== What is required ==
At the line that contains "Some of the text", begin setting down every line word for word, and stop after the last line of the listing.

== Information given ==
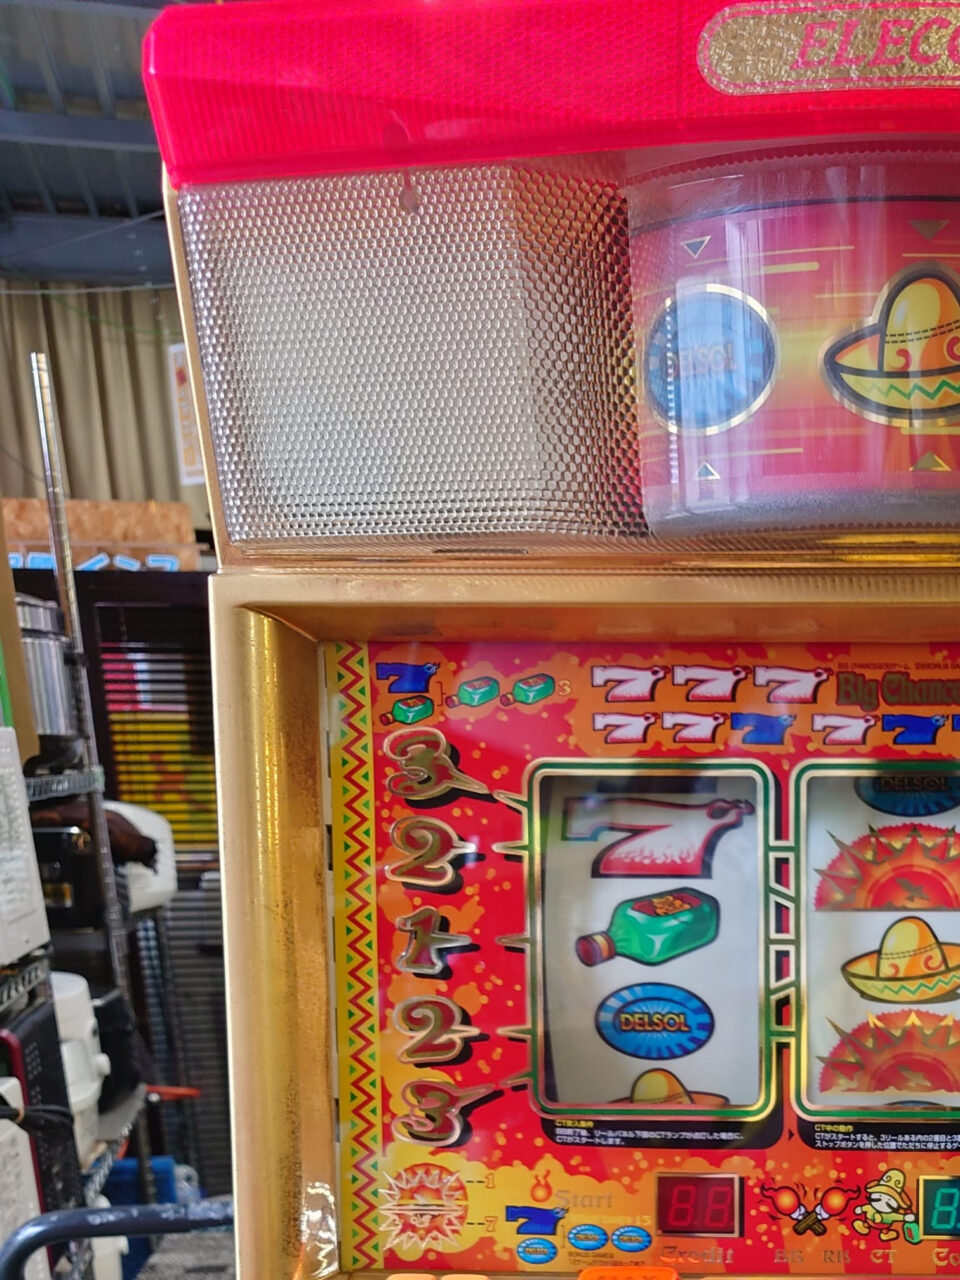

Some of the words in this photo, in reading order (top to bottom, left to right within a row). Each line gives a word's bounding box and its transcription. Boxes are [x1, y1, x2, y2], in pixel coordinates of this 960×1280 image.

[558, 680, 572, 696] 3
[836, 671, 880, 711] Big
[384, 726, 470, 797] 3
[385, 815, 465, 886] 2
[561, 797, 755, 879] 7
[396, 905, 456, 974] 1
[392, 996, 468, 1063] 2
[619, 1013, 690, 1032] DELSOL
[391, 1079, 476, 1146] 3
[556, 1189, 612, 1208] Start
[485, 1216, 498, 1232] 7
[660, 1246, 734, 1264] Credit
[871, 1248, 897, 1264] CT
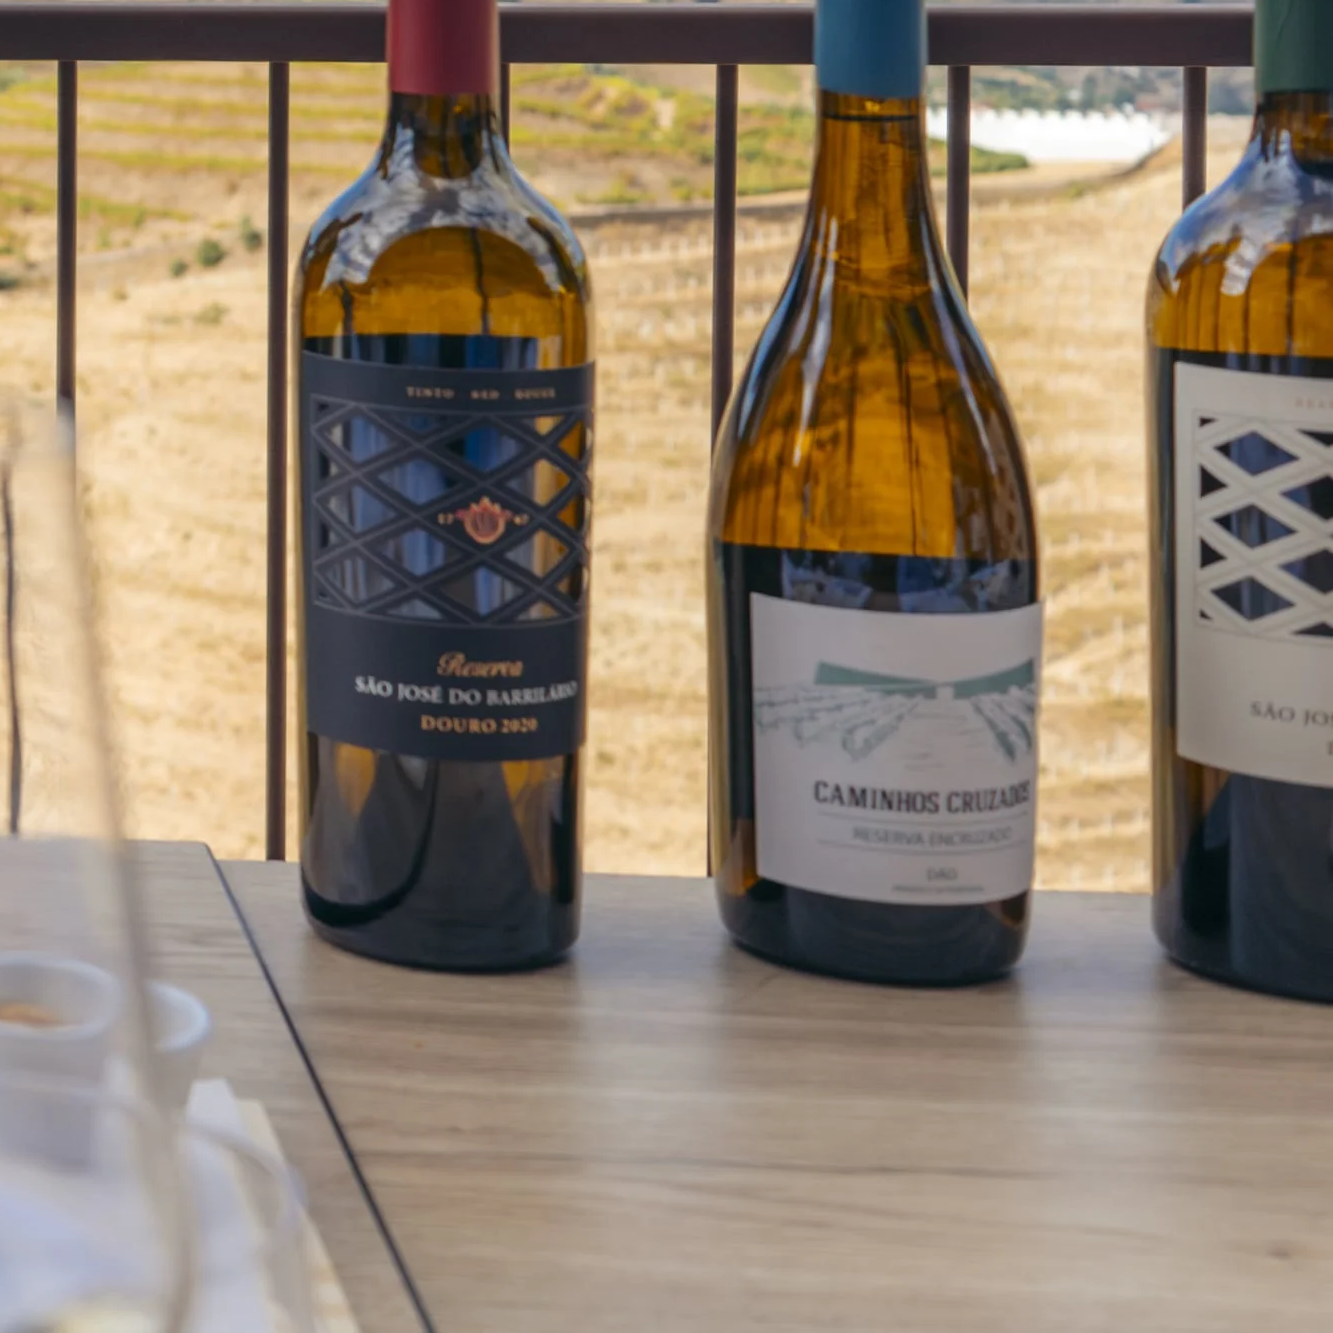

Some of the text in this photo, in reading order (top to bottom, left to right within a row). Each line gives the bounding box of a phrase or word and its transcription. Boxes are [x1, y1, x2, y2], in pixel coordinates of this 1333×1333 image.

[437, 652, 523, 677] Reserva
[355, 676, 393, 697] SÃO
[397, 683, 442, 704] JOSÉ
[449, 689, 482, 705] DO
[421, 715, 497, 734] DOURO
[814, 780, 940, 814] CAMINHOS
[853, 827, 924, 845] RESERVA

== Answer box ==
Some of the text in this photo, in reading order (top to bottom, left to right within a row). Each line gives the bounding box of a phrase or word and its transcription. Boxes are [x1, y1, x2, y2], in pixel coordinates of this 1333×1333 image.

[437, 652, 523, 677] Reserva
[355, 676, 393, 697] SÃO
[397, 683, 442, 704] JOSÉ
[449, 689, 482, 705] DO
[421, 715, 497, 734] DOURO
[814, 780, 940, 814] CAMINHOS
[853, 827, 924, 845] RESERVA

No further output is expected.